With gunfire erupting nightly in Baghdad and banditry widespread, many Iraqis in the capital complain that they've seen little improvement in their lives. Four months after Saddam's ouster, drivers spend hours waiting in gasoline lines. Electric power runs for a few hours at a time before it quits for several more. Water still hasn't been restored in some areas. Millions of people don't have jobs.
Every time U.S. soldiers kick in a door in the middle of the night or search a woman, Iraqis get angry. That anger spikes to outrage when innocent civilians die because a jumpy American soldier at a checkpoint fires his automatic weapon.
"I feel there is not much difference between the Americans and the former regime," said Ali al Garnawai, who owns three tobacco stores where U.S. soldiers often buy Cuban cigars. "They point their guns at people for no reason. They kill people if they drive in the wrong place."
Publicly, the Bush administration and the military say Iraqis are coming forward more often with tips about weapons caches, guerrilla fighters and former regime officials. They say the vast majority of the thousands of anti-American fighters they've arrested are die-hard members of the former regime.
But a senior intelligence official in Washington, who asked not to be identified, acknowledged that the inability to maintain security and restore basic services is eroding popular support for the U.S. presence and the Iraqi interim Governing Council.

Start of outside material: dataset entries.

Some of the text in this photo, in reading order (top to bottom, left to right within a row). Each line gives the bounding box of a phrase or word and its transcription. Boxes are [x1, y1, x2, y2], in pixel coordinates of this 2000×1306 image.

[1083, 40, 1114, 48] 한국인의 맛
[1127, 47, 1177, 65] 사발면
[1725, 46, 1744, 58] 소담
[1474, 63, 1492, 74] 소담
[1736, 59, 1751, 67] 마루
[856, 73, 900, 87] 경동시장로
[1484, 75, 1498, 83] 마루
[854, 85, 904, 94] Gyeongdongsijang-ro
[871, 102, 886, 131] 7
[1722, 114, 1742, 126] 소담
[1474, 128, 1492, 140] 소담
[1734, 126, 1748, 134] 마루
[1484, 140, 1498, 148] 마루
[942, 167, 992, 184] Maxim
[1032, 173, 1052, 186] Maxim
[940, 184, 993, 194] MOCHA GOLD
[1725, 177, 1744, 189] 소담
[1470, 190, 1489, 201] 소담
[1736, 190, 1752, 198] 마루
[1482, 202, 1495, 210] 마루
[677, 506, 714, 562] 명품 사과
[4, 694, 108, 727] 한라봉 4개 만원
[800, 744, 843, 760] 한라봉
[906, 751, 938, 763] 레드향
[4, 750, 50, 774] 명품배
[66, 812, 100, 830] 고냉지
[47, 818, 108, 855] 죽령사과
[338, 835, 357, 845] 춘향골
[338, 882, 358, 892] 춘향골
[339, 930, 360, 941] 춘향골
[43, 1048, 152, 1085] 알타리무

"If the Iraqi people turn against us, we're really in trouble," said Jessica Stern, a terrorism expert at Harvard University.

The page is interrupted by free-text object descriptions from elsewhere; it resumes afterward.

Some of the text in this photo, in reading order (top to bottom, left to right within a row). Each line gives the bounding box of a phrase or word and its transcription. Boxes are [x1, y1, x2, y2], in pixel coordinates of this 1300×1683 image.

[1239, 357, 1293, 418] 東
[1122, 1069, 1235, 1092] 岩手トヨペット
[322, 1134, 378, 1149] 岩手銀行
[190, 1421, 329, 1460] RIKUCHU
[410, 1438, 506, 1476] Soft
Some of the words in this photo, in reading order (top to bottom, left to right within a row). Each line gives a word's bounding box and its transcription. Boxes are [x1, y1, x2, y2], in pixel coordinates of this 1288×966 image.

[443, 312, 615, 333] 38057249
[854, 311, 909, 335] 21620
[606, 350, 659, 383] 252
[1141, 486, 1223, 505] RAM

Stern, who opposed the war, wrote this week that the U.N. bombing "was the latest evidence that America has taken a country that was not a terrorist threat and turned it into one."
President Bush, in a speech last month, said a free Iraq "will not be a training ground for terrorists, or a funnel of money to terrorists, or provide weapons to terrorists who would willingly use them to strike our country. A free Iraq will not destabilize the Middle East."
Yet instability was what Abizaid described, with a terrorist threat in Iraq from a combination of foreign Islamic radicals and homegrown insurgents.
U.S. intelligence officials say hundreds of foreign fighters have been streaming into Iraq in recent weeks from across the Arab world. Abizaid said there was evidence of tactical cooperation between them and Saddam loyalists.
"I wouldn't say they have become allies per se, but I believe that there are some indications of cooperation in specific areas," Abizaid said. "Of course, ideologically they are not at all compatible. But on the other hand, you sometimes cooperate against what you consider a common enemy."
In addition, Abizaid said, the al Qaida-linked terrorist group Ansar al Islam has established cells in Baghdad.
Intelligence analysts in Washington suspect that the U.N. bomb was built by remnants of Saddam's regime, but delivered and detonated by an Islamic extremist, said one senior official, who also asked not to be named.
"Targeting the U.N. was a warning that anyone who cooperates with the United States—foreign or domestic—is a collaborator and will be treated accordingly," the official said. "The message to the Turks, the Pakistanis and others who might be thinking about helping out is: `Stay out of this.'"
(Ken Dilanian reports for The Philadelphia Inquirer.)
(c) 2003, Knight Ridder/Tribune Information Services.